Working in Winter – Safety Tips

HSE Principal Inspector of Construction Peter Black said: “For those working outdoors, the winter months bring additional challenges to keeping safe. Cold weather and shorter periods of daylight mean there is more potential for accidents to happen. With a little planning, and common sense, these can be avoided.”

 

Slips, trips and falls

Slips, trips and falls become much more common in wintry weather. The light change during the day can have a big effect on how well you can see hazards in and around the workplace so ensure that everywhere is well lit.
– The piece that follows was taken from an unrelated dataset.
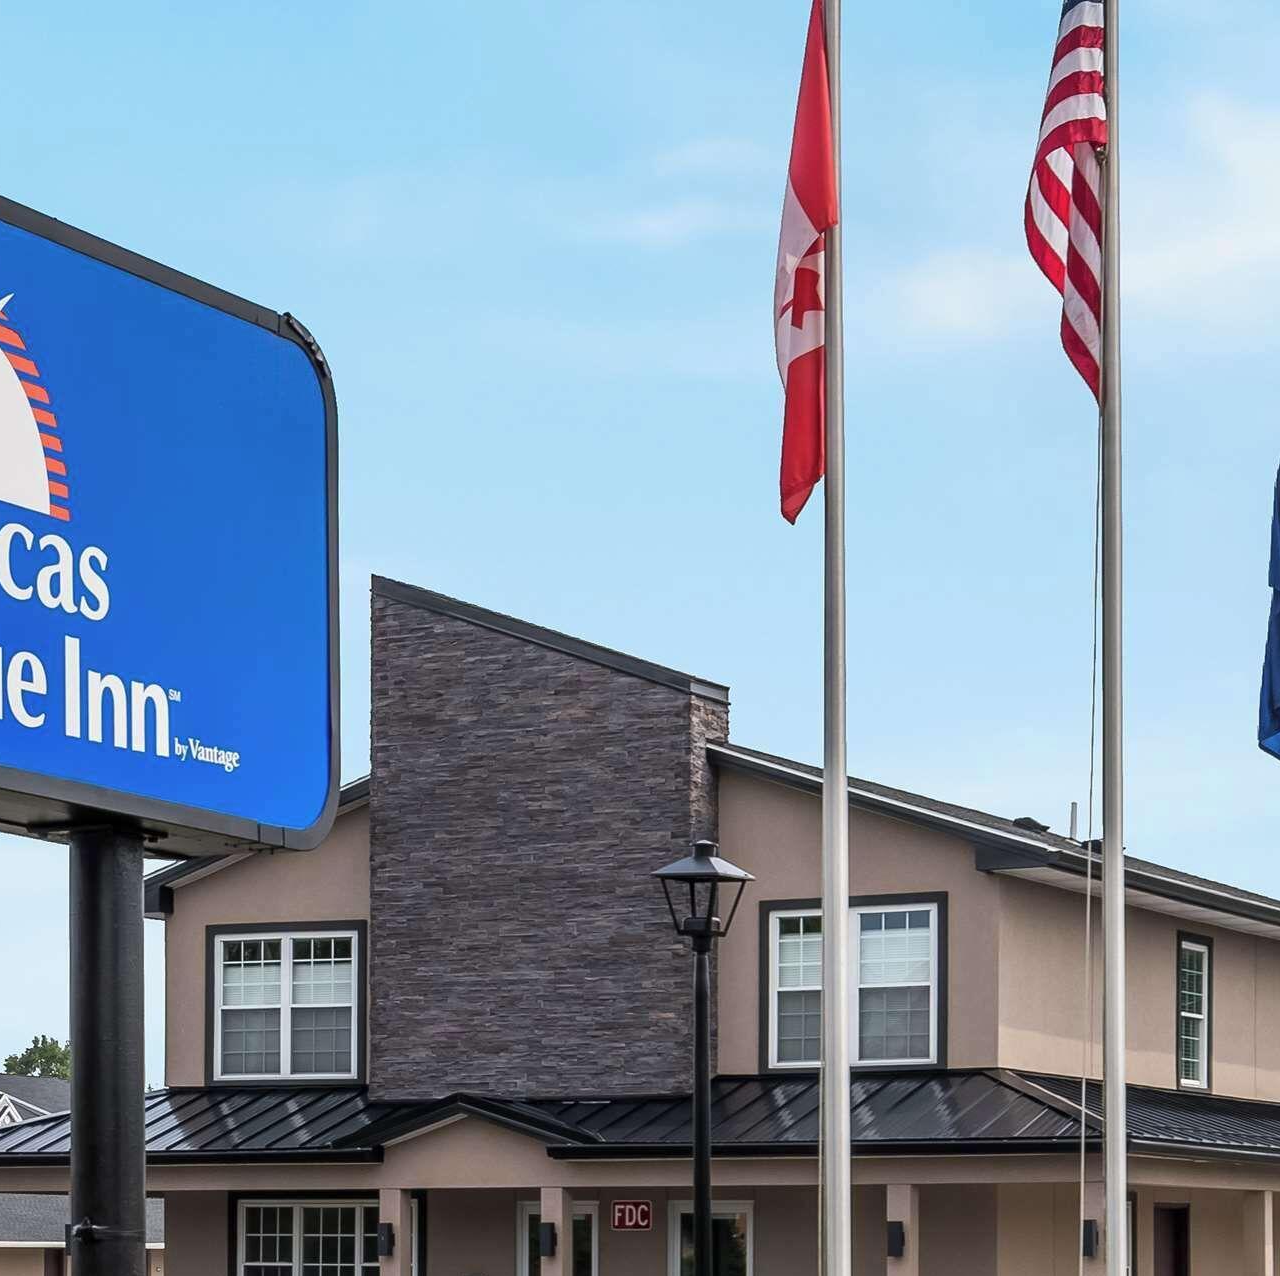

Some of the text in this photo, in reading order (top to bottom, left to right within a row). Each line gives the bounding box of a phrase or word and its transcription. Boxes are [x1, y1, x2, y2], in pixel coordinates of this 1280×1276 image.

[64, 635, 170, 758] Inn
[174, 737, 241, 773] by Vantage
[614, 1203, 649, 1227] FDC
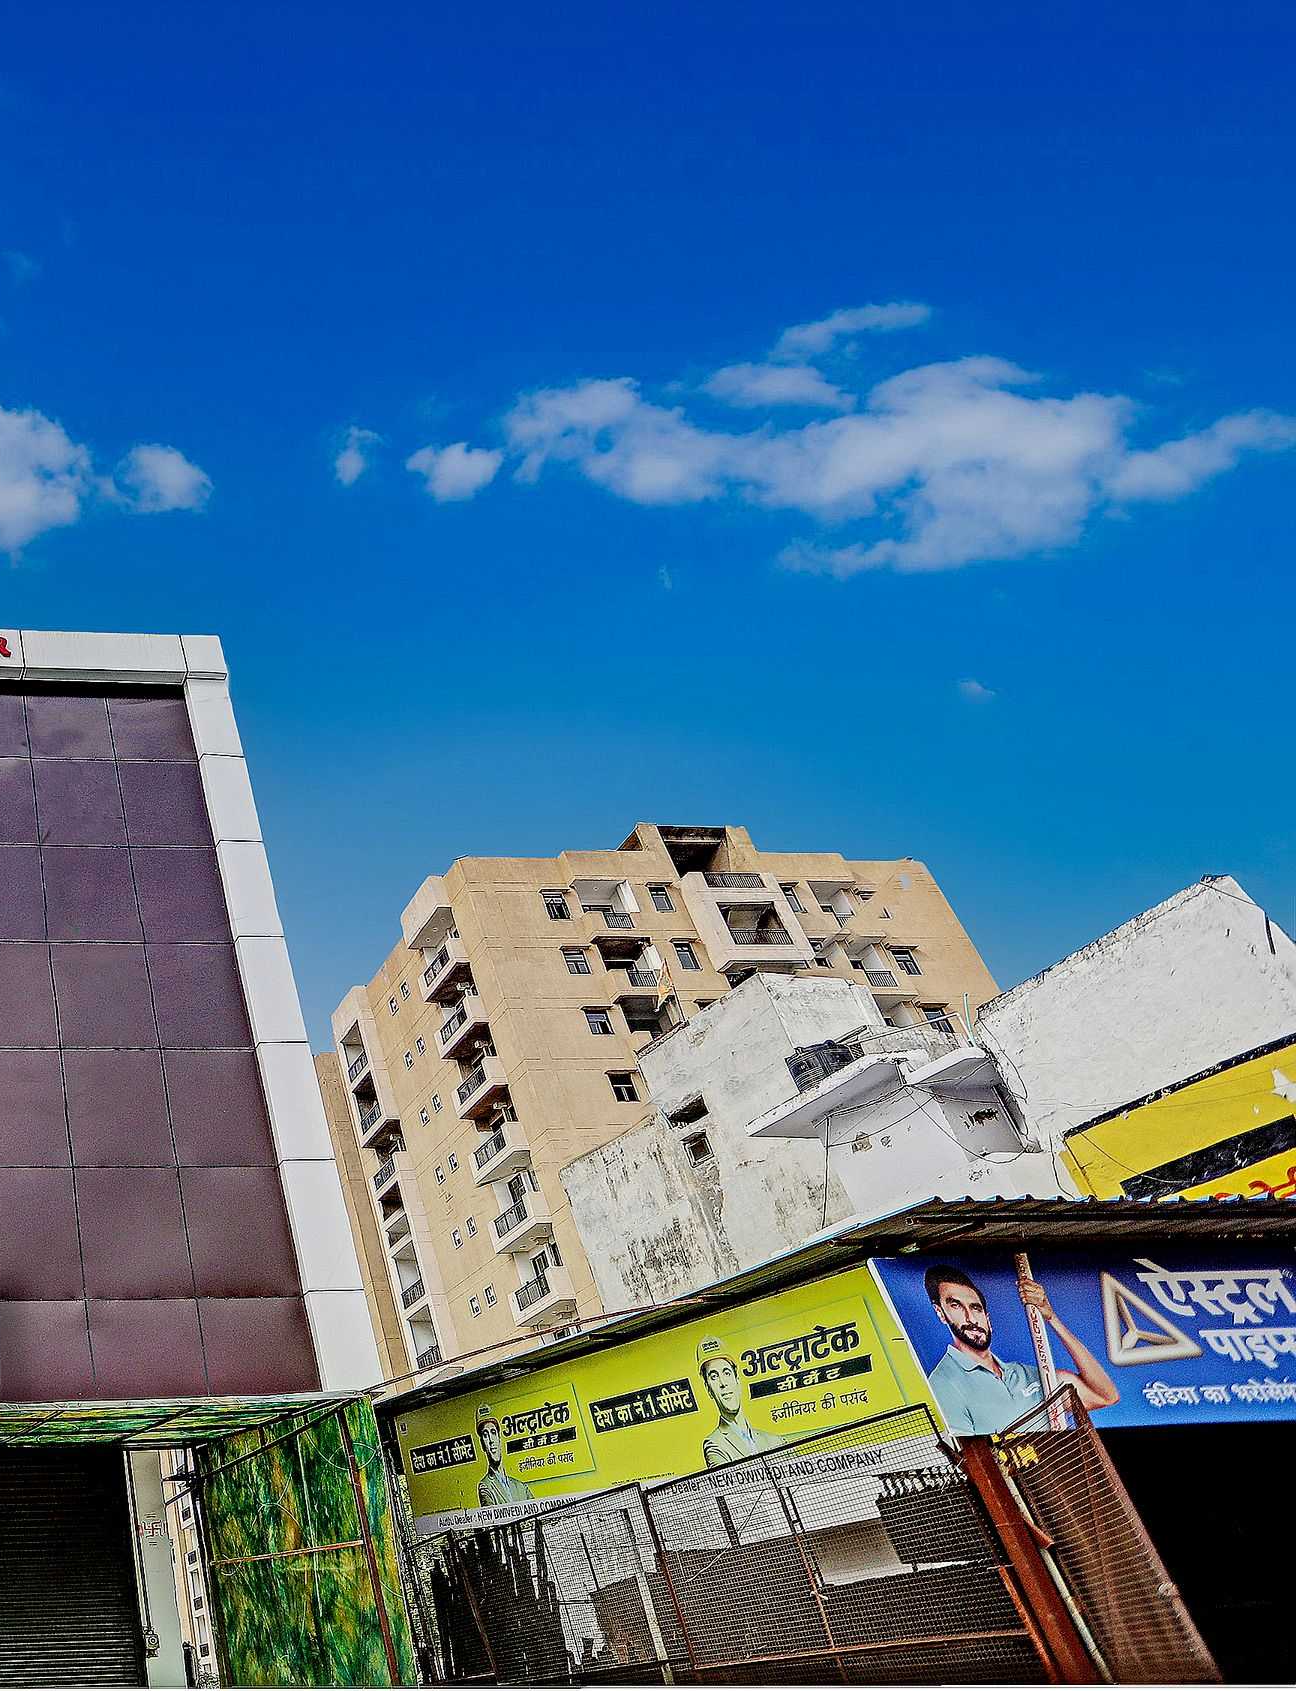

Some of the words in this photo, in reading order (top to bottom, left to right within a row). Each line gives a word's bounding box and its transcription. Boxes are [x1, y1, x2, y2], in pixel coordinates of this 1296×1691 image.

As the weather worsens, heavy rainfall, snow, ice and falling leaves all make for slippy ground so take care around workplace entrances, car parks and walkways that could be affected. Where possible, shovel areas where employees, clients or members of the public are likely to walk.

 

Frostbite/hypothermia

It’s particularly important to be aware of frostbite and hypothermia if you work outdoors. If temperatures do drop then dress for the lowest forecast temperature with plenty of layers. Fingers and toes are most prone to frostbite so ensure you wear gloves and waterproof boots, which will keep your feet warm and dry. Allow yourself frequent, short breaks to warm up and dry off throughout the day.

 

Driving

Employees who use the road for work should pay particular attention to the changing conditions and adapt the way they drive on journeys. Varied weather, traffic and road conditions can all be hazardous for drivers and could lead to accidents so allow plenty of time to travel, and question whether journeys are necessary if conditions get particularly bad.
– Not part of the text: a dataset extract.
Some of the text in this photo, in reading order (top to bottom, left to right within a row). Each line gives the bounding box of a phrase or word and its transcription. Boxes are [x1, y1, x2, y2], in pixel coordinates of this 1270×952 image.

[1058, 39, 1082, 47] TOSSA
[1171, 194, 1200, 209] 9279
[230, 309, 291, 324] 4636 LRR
Company vehicles should be fully checked and properly maintained to prepare for the winter months.

 

At work

During working hours the temperature must remain reasonable (around 16°C) in order for employees to work comfortably.

Employers have a duty of care and should keep in contact with workers during periods of bad weather to ensure that they are not taking undue risks with their safety when travelling into work. Employers could be liable if an employee is injured after being pressurised into coming into work in dangerous conditions.

Employers should ensure that they have robust safety procedures in place should an emergency arise in bad weather.

 

Working in winter doesn’t have to be dangerous if the proper precautions are taken.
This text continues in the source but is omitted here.